Tuesday, May 01, 2012

Judicial Activism vs. Judicial Restraint

Remember back in the bad old days when Republicans were in power and were oh so quick to lambaste the Judicial Branch of the federal government for their  so-called “judicial activism?” Brown v. Board is an excellent example of conservative hand-wringing of the activist Warren Court. A court that saw that it was inherently unconstitutional to educate African-American children in “separate but equal” schools. Separate is inherently unequal, they wrote.

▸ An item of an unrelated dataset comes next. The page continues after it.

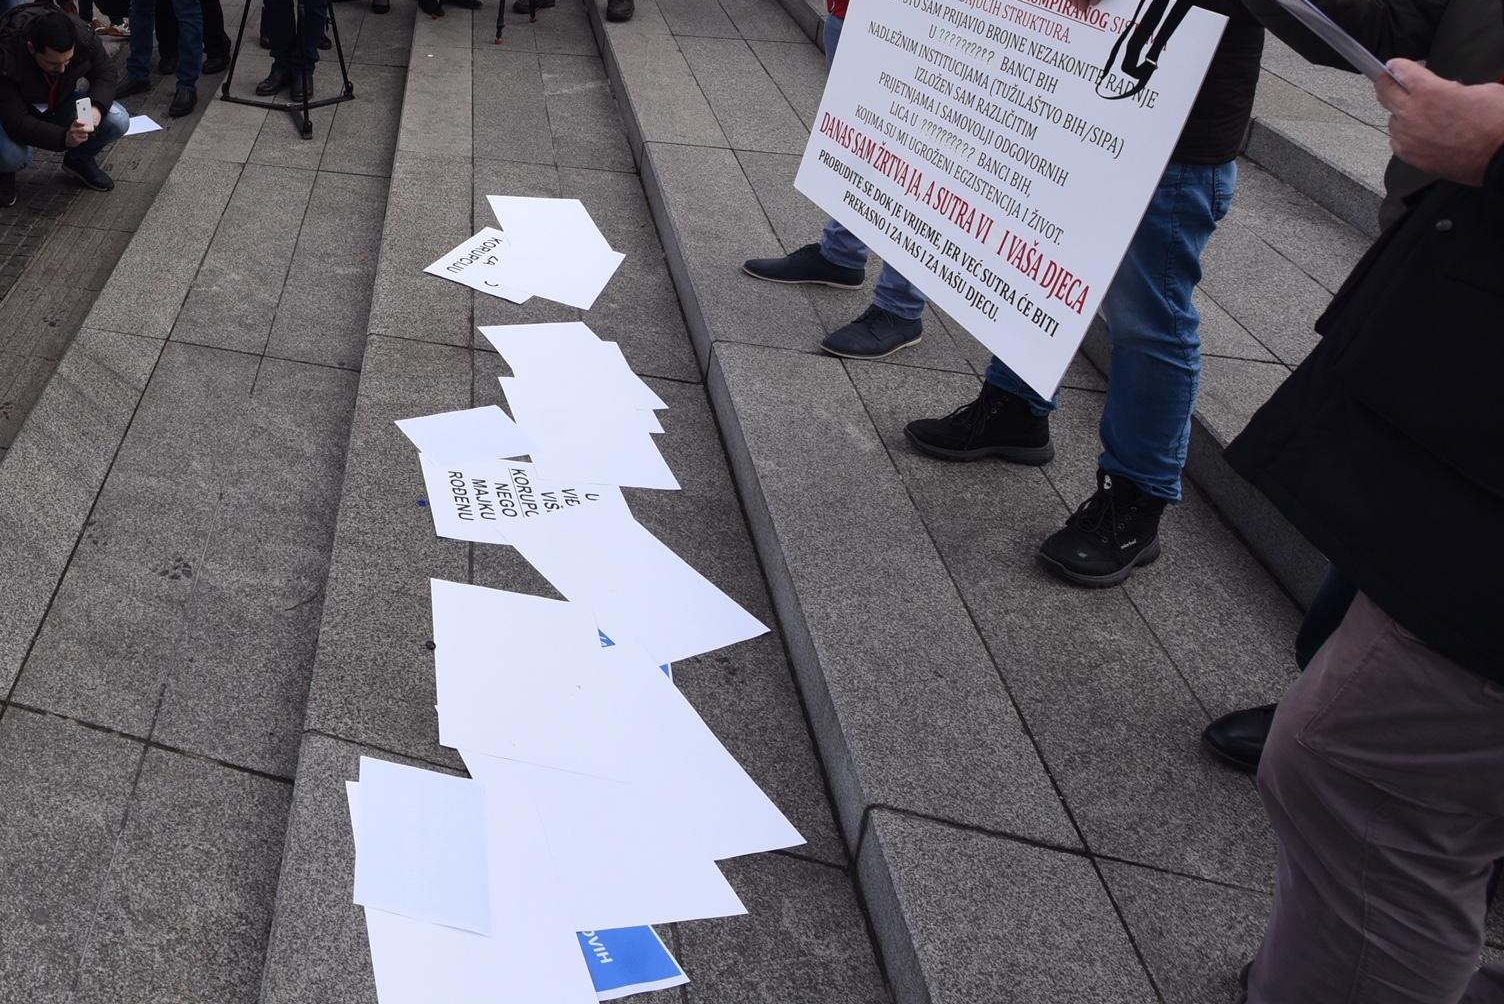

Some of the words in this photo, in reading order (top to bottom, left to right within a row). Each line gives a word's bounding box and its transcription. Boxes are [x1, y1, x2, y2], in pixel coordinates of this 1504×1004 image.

Then there is Roe v. Wade where “activist judges” ended once and for all (we hope) murder and butchery of women who were not ready to be mothers, or who couldn’t be mothers, or who were raped. Activism writ large.
Oh and there’s the activism of the Supreme Court that put a president in office, a president who did not have a majority vote, but who did subsequently ruin the economy of the country he led, and drove his country into a ditch with two undeclared and unpaid for wars.
The same court, 10 years later voted 5 to 4 that not only were corporations human beings and entitled to equal rights, but also that they were better than human beings because of the effect that hundreds of millions of dollars of super PAC funds has on elections – much to the embarrassment of the Republican Party.
So why the rant? Well right here in the South we have another activist judge on the 5th Circuit Court of Appeals in Louisiana, someone who has continued to do harm to the poorest of us and the weakest of us. All because he is a conservative that wears his politics over top of his judge’s robe.
I speak of Appeals Court Justice Jerry Edwin Smith.
In 1991, Justice Smith wrote the majority opinion in Corrosion Proof Fittings v. EPA which found that the EPA must consider cost-benefit analysis when ruling on which poisonous/toxic substance shall or shall not be introduced to the biosphere.
In 1996 Justice Smith wrote the majority opinion in Hopwood v. Texas, a decision that ended affirmative action in admissions policies at the University of Texas. An opinion that was overturned 7 years later in the Supreme Court.
In 2007, Justice Smith wrote the majority opinion in Regents of the University of California v. Credit Suisse First Boston, which barred securities fraud claims against third parties who aided in securities fraud but did not directly mislead investors. Then we had the Great Recession, caused chiefly by securities fraud.
And just last month, Justice Smith ordered the Justice Department to submit a 3-page brief, single-spaced, mind you, explaining President Obama's views on judicial activism. Smith's order was prompted by Obama's recent press conference remarks on a case pending before the Supreme Court in which the Court was considering, among other things, whether to strike down the entire Affordable Healthcare Act as unconstitutional. Obama had said that if the Supreme Court overturned the ACA, it would be "unprecedented, extraordinary" judicial activism and that a law that was passed by Congress on an economic issue had not been overturned by the court "going back to the ’30s, pre New Deal.
In short, Justice Smith is the epitome of Judicial Activism. He is the model. The type species.
So it comes as no surprise that Justice Jerry Smith issued a stay last night that prevented Planned Parenthood from receiving funds from the state of Texas so that they could provide necessary health services to thousands of women.
Compare that to the Judicial Restraint of Federal District Judge Yeakel, a Bush-appointee. Judge Yeakel may just have the same sensibilities as Smith over the issue of abortion. But the difference between Yeakel and Smith is that Yeakel knows that sometimes the best decision is to do the right thing, not promote his own political beliefs, and his religious beliefs.
Something else that is unconstitutional.
Activist Justice. Yep, it exists. But I like my people’s activism better than theirs.